日本経済は新陳代謝が悪い②
「赤字」はいけない事だろうか?
赤字はダメ!の文化が日本企業の新陳代謝を妨げてきた。
誰がダメ!と言ってたか?
銀行の融資担当者である。
新しい事業を始めるには資金と時間が必要である。
結果はすぐに出る訳ではない。
その資金は銀行から融資したり、粗利を使って、投資、研究への費用に回す。
研究費が大きくなると、PL上は「販売費及び一般管理費」が大きくなり、粗利を潰し、赤字になる事もある。
まさに「生みの苦しみである」である。
しかし、どんなビジネスモデルであろうと、上場企業は会計を四半期毎に出さなければならない。
つまりは四半期毎に結果が出ているか?売上を出せているか?をPLでチェックされる。
赤字が続くと、銀行の融資担当者は、その会社の経営者を呼んで、早く結果を出す事を迫る、又は研究、投資の継続自体に疑問を投げかける。
(まさに下町ロケット。)
お金を貸す側にとってみれば、当然の行為であろう。
ここで銀行をうまく説得できなければ、新規融資はされず、研究、投資を諦める事になる。

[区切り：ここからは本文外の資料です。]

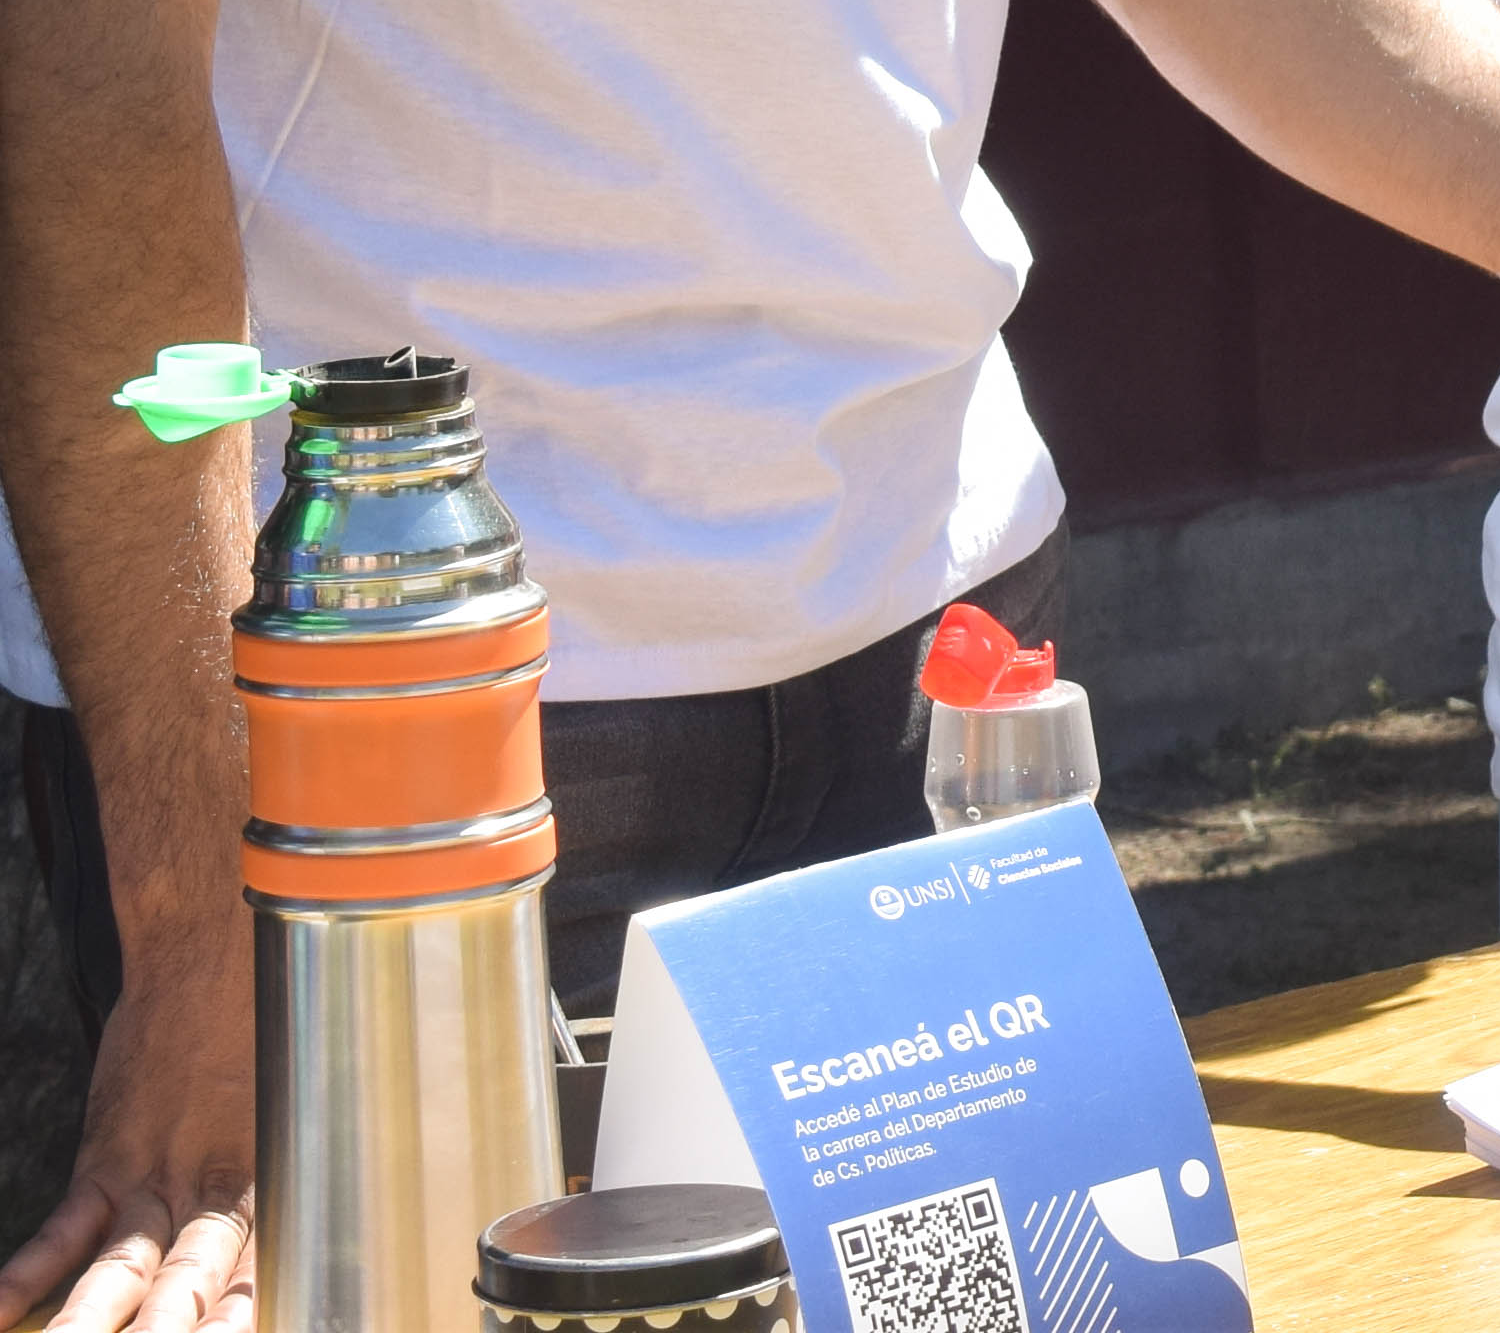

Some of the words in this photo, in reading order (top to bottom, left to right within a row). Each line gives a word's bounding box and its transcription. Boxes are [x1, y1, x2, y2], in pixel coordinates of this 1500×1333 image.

銀行は新しい分野のチャレンジ、リスクの高いチャレンジにいい顔はしない。
何故なら、銀行はその事業が大成功しても、金利以上の見返りはないからである。
ハイリスク・ローリターンだ。
銀行にとってみれば、リスクの高いチャレンジは債務不履行のリスクでしかない。融資先企業が既存路線のほうが安心して見れる。
一方、投資家は大成功した場合、株価が倍になったり、配当金が高くなったりするので、リスクを取ってでも、投資を行う。
ハイリスク・ハイリターンだ。
株式発行による資金調達は投資家を説得できれば、リスクの高いチャレンジができる。
しかし、日本企業の資金調達は銀行融資が多く、それは新分野への挑戦への足枷となってしまっている。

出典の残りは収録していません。